[LSF/MM TOPIC][LSF/MM ATTEND] OCSSDs - SMR, Hierarchical Interface, and Vector I/Os
Matias Bjørling
m at bjorling.me
Wed Jan 4 04:39:18 PST 2017
On 01/04/2017 08:24 AM, Damien Le Moal wrote:
>
> Slava,
>
> On 1/4/17 11:59, Slava Dubeyko wrote:
>> What's the goal of SMR compatibility? Any unification or interface
>> abstraction has the goal to hide the peculiarities of underlying
>> hardware. But we have block device abstraction that hides all
>> hardware's peculiarities perfectly. Also FTL (or any other
>> Translation Layer) is able to represent the device as sequence of
>> physical sectors without real knowledge on software side about
>> sophisticated management activity on the device side. And, finally,
>> guys will be completely happy to use the regular file systems (ext4,
>> xfs) without necessity to modify software stack. But I believe that
>> the goal of Open-channel SSD approach is completely opposite. Namely,
>> provide the opportunity for software side (file system, for example)
>> to manage the Open-channel SSD device with smarter policy.
>
> The Zoned Block Device API is part of the block layer. So as such, it
> does abstract many aspects of the device characteristics, as so many
> other API of the block layer do (look at blkdev_issue_discard or zeroout
> implementations to see how far this can be pushed).
>
> Regarding the use of open channel SSDs, I think you are absolutely
> correct: (1) some users may be very happy to use a regular, unmodified
> ext4 or xfs on top of an open channel SSD, as long as the FTL
> implementation does a complete abstraction of the device special
> features and presents a regular block device to upper layers.
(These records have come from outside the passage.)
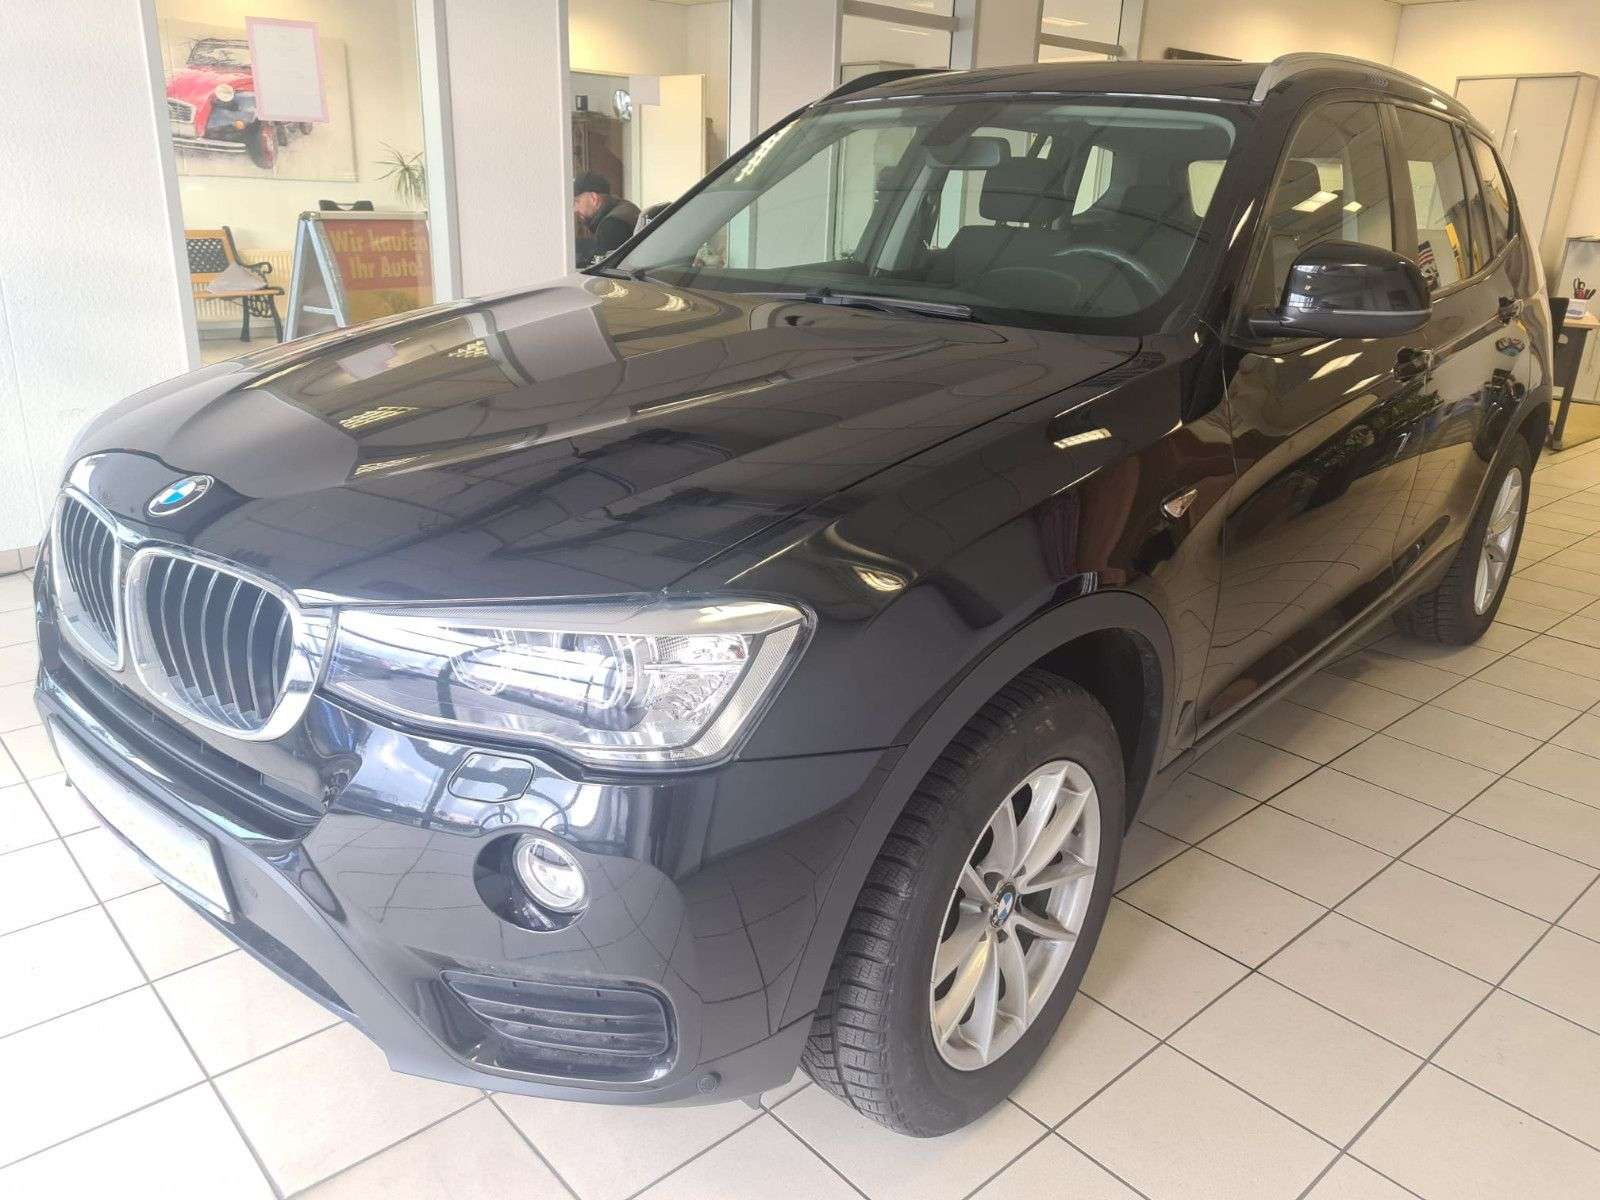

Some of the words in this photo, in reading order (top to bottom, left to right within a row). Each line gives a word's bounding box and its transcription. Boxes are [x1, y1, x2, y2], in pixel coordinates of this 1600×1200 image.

[329, 228, 364, 253] Wir
[367, 228, 428, 253] kaufen
[351, 255, 374, 279] Ihr
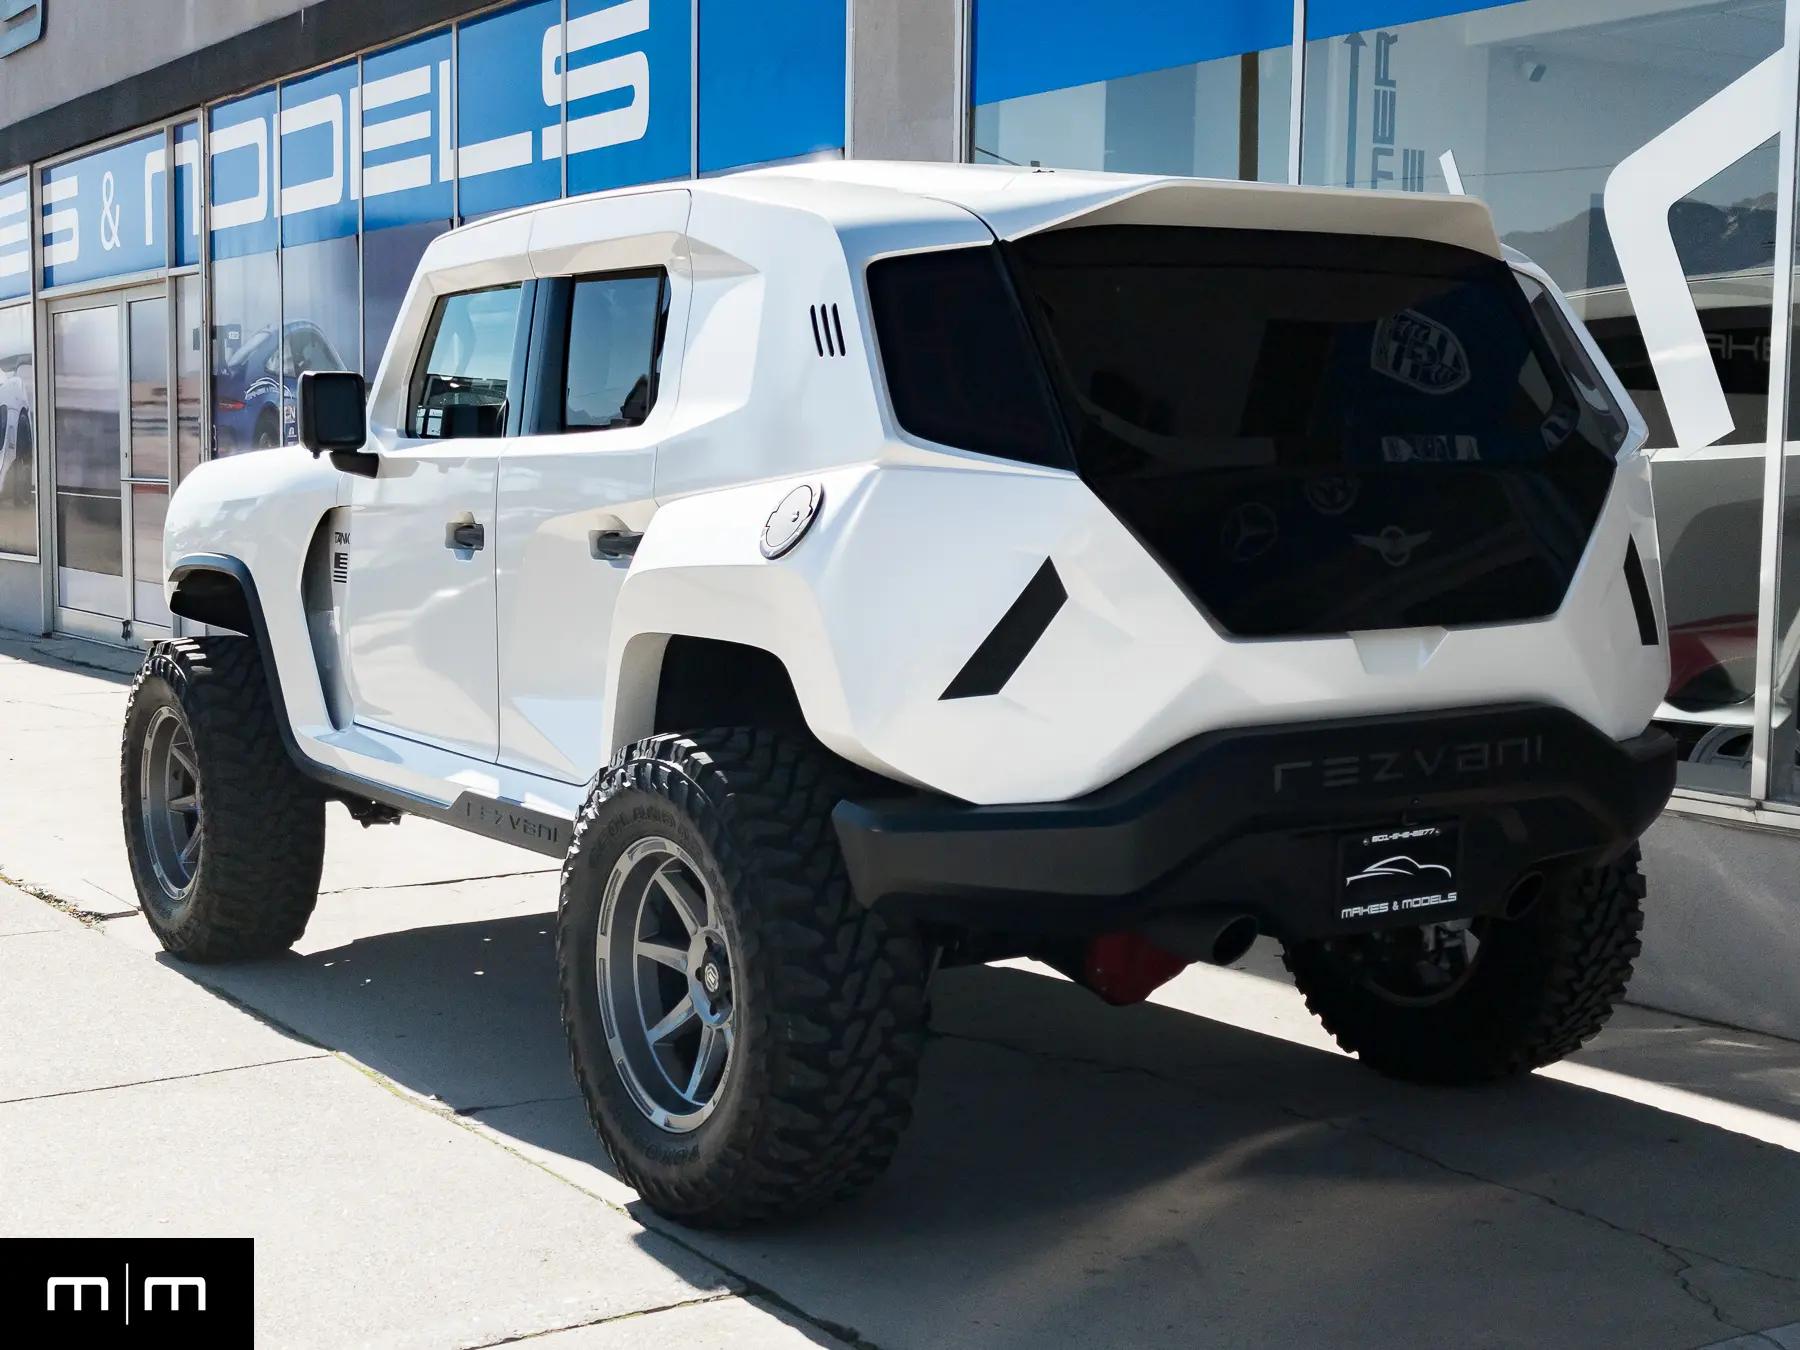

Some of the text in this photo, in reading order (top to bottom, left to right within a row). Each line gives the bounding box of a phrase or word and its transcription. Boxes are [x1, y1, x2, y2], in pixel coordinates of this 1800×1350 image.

[101, 170, 121, 251] &
[144, 0, 649, 246] MODELS
[1341, 891, 1458, 919] MAKES & MODELS
And
> conversely, (2) some file system implementations may prefer to directly
> use those special features and characteristics of open channel SSDs. No
> arguing with this.
>
> But you are missing the parallel with SMR. For SMR, or more correctly
> zoned block devices since the ZBC or ZAC standards can equally apply to
> HDDs and SSDs, 3 models exists: drive-managed, host-aware and host-managed.
>
> Case (1) above corresponds *exactly* to the drive managed model, with
> the difference that the abstraction of the device characteristics (SMR
> here) is in the drive FW and not in a host-level FTL implementation as
> it would be for open channel SSDs. Case (2) above corresponds to the
> host-managed model, that is, the device user has to deal with the device
> characteristics itself and use it correctly. The host-aware model lies
> in between these 2 extremes: it offers the possibility of complete
> abstraction by default, but also allows a user to optimize its operation
> for the device by allowing access to the device characteristics. So this
> would correspond to a possible third way of implementing an FTL for open
> channel SSDs.
>
>> So, my key worry that the trying to hide under the same interface the
>> two different technologies (SMR and NAND flash) will be resulted in
>> the loss of opportunity to manage the device in more smarter way.
>> Because any unification has the goal to create a simple interface.
>> But SMR and NAND flash are significantly different technologies. And
>> if somebody creates technology-oriented file system, for example,
>> then it needs to have access to really special features of the
>> technology. Otherwise, interface will be overloaded by features of
>> both technologies and it will looks like as a mess.
>
> I do not think so, as long as the device "model" is exposed to the user
> as the zoned block device interface does. This allows a user to adjust
> its operation depending on the device. This is true of course as long as
> each "model" has a clearly defined set of features associated. Again,
> that is the case for zoned block devices and an example of how this can
> be used is now in f2fs (which allows different operation modes for
> host-aware devices, but only one for host-managed devices). Again, I can
> see a clear parallel with open channel SSDs here.
>
>> SMR zone and NAND flash erase block look comparable but, finally, it
>> significantly different stuff. Usually, SMR zone has 265 MB in size
>> but NAND flash erase block can vary from 512 KB to 8 MB (it will be
>> slightly larger in the future but not more than 32 MB, I suppose). It
>> is possible to group several erase blocks into aggregated entity but
>> it could be not very good policy from file system point of view.
>
> Why not? For f2fs, the 2MB segments are grouped together into sections
> with a size matching the device zone size. That works well and can
> actually even reduce the garbage collection overhead in some cases.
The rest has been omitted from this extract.